> _Instructions for the task_
The answer must give back every line of the data exactly, with no pictures.

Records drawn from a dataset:
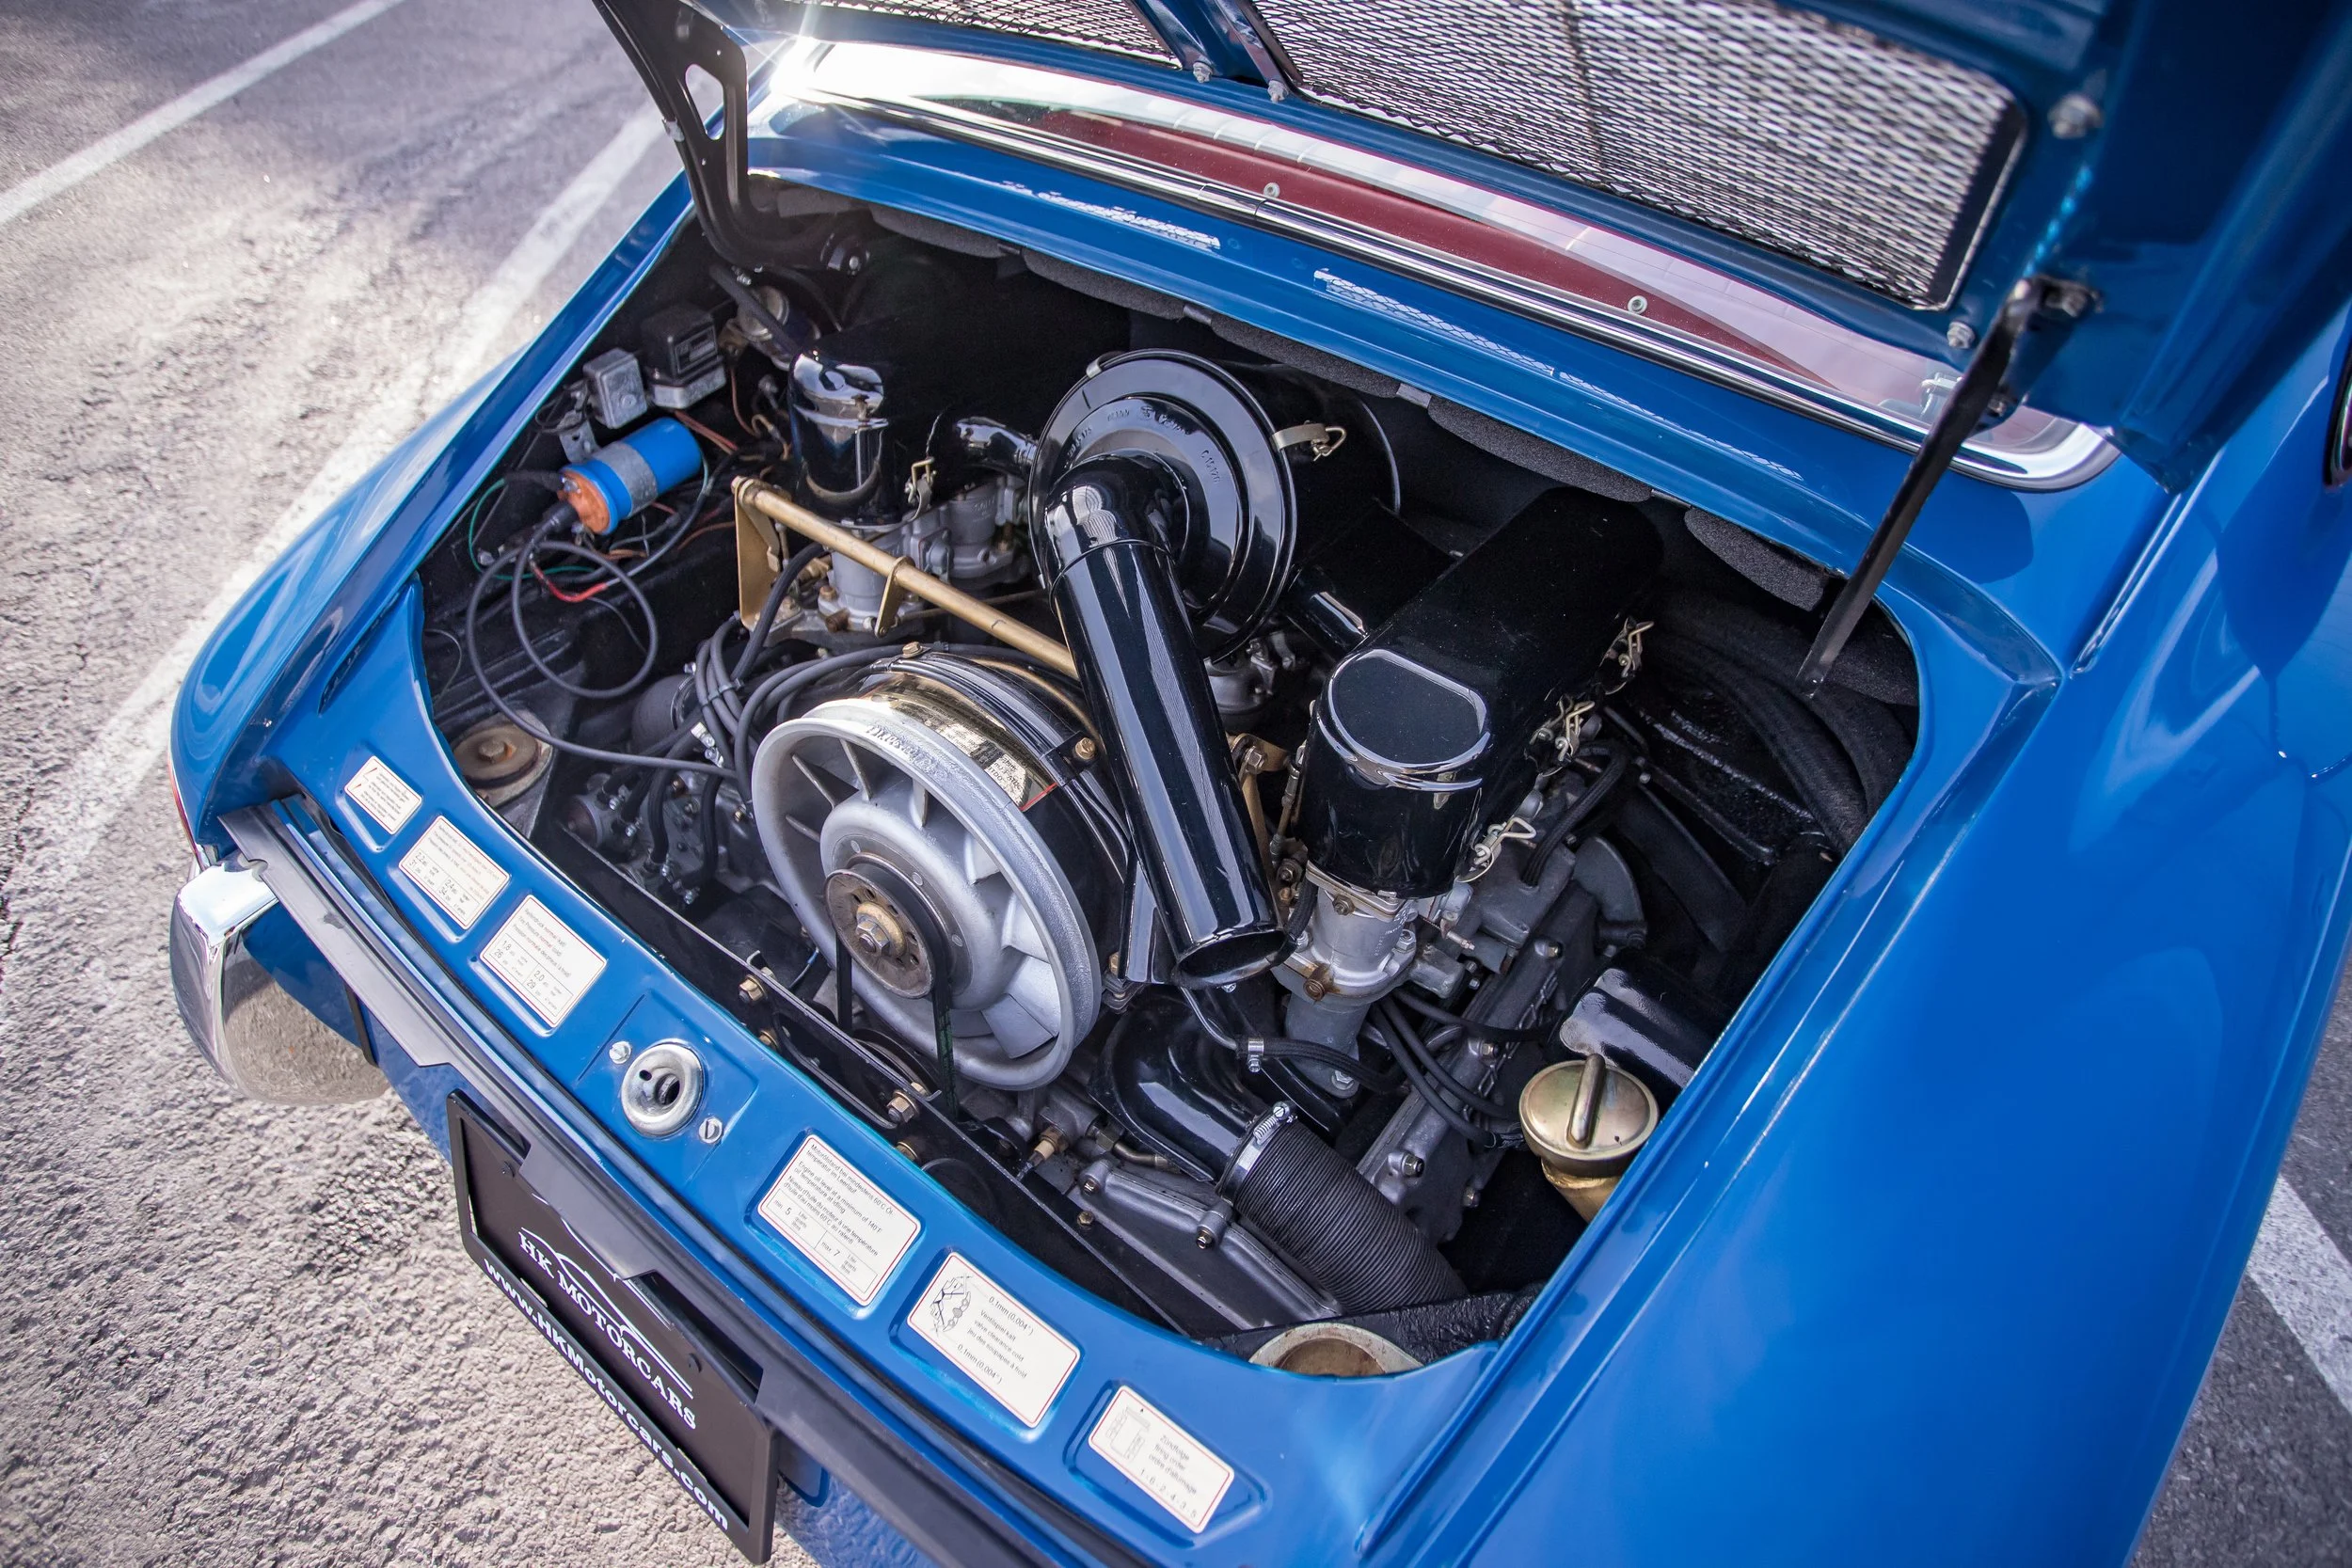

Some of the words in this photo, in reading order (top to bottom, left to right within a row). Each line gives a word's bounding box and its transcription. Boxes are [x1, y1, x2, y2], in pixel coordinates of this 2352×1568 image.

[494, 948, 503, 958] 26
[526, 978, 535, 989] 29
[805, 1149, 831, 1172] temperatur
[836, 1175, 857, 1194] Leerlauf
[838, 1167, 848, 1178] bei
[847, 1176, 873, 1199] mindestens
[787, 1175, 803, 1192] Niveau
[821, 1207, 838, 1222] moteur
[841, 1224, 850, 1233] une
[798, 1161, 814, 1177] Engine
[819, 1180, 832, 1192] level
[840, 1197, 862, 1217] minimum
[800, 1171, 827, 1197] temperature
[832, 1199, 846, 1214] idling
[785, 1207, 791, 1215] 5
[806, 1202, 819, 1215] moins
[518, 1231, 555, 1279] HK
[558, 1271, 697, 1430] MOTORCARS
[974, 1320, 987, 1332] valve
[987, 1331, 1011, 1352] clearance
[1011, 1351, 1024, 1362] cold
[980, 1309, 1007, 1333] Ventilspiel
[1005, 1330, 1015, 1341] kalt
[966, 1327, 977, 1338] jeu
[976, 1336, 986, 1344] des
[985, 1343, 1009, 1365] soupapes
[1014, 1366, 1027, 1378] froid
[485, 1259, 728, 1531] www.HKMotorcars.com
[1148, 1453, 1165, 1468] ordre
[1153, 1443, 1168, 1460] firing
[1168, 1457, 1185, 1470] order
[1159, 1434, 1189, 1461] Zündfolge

> _Output for this task_
Some of the words in this photo, in reading order (top to bottom, left to right within a row). Each line gives a word's bounding box and its transcription. Boxes are [x1, y1, x2, y2], in pixel coordinates of this 2352×1568 image.

[494, 948, 503, 958] 26
[526, 978, 535, 989] 29
[805, 1149, 831, 1172] temperatur
[836, 1175, 857, 1194] Leerlauf
[838, 1167, 848, 1178] bei
[847, 1176, 873, 1199] mindestens
[787, 1175, 803, 1192] Niveau
[821, 1207, 838, 1222] moteur
[841, 1224, 850, 1233] une
[798, 1161, 814, 1177] Engine
[819, 1180, 832, 1192] level
[840, 1197, 862, 1217] minimum
[800, 1171, 827, 1197] temperature
[832, 1199, 846, 1214] idling
[785, 1207, 791, 1215] 5
[806, 1202, 819, 1215] moins
[518, 1231, 555, 1279] HK
[558, 1271, 697, 1430] MOTORCARS
[974, 1320, 987, 1332] valve
[987, 1331, 1011, 1352] clearance
[1011, 1351, 1024, 1362] cold
[980, 1309, 1007, 1333] Ventilspiel
[1005, 1330, 1015, 1341] kalt
[966, 1327, 977, 1338] jeu
[976, 1336, 986, 1344] des
[985, 1343, 1009, 1365] soupapes
[1014, 1366, 1027, 1378] froid
[485, 1259, 728, 1531] www.HKMotorcars.com
[1148, 1453, 1165, 1468] ordre
[1153, 1443, 1168, 1460] firing
[1168, 1457, 1185, 1470] order
[1159, 1434, 1189, 1461] Zündfolge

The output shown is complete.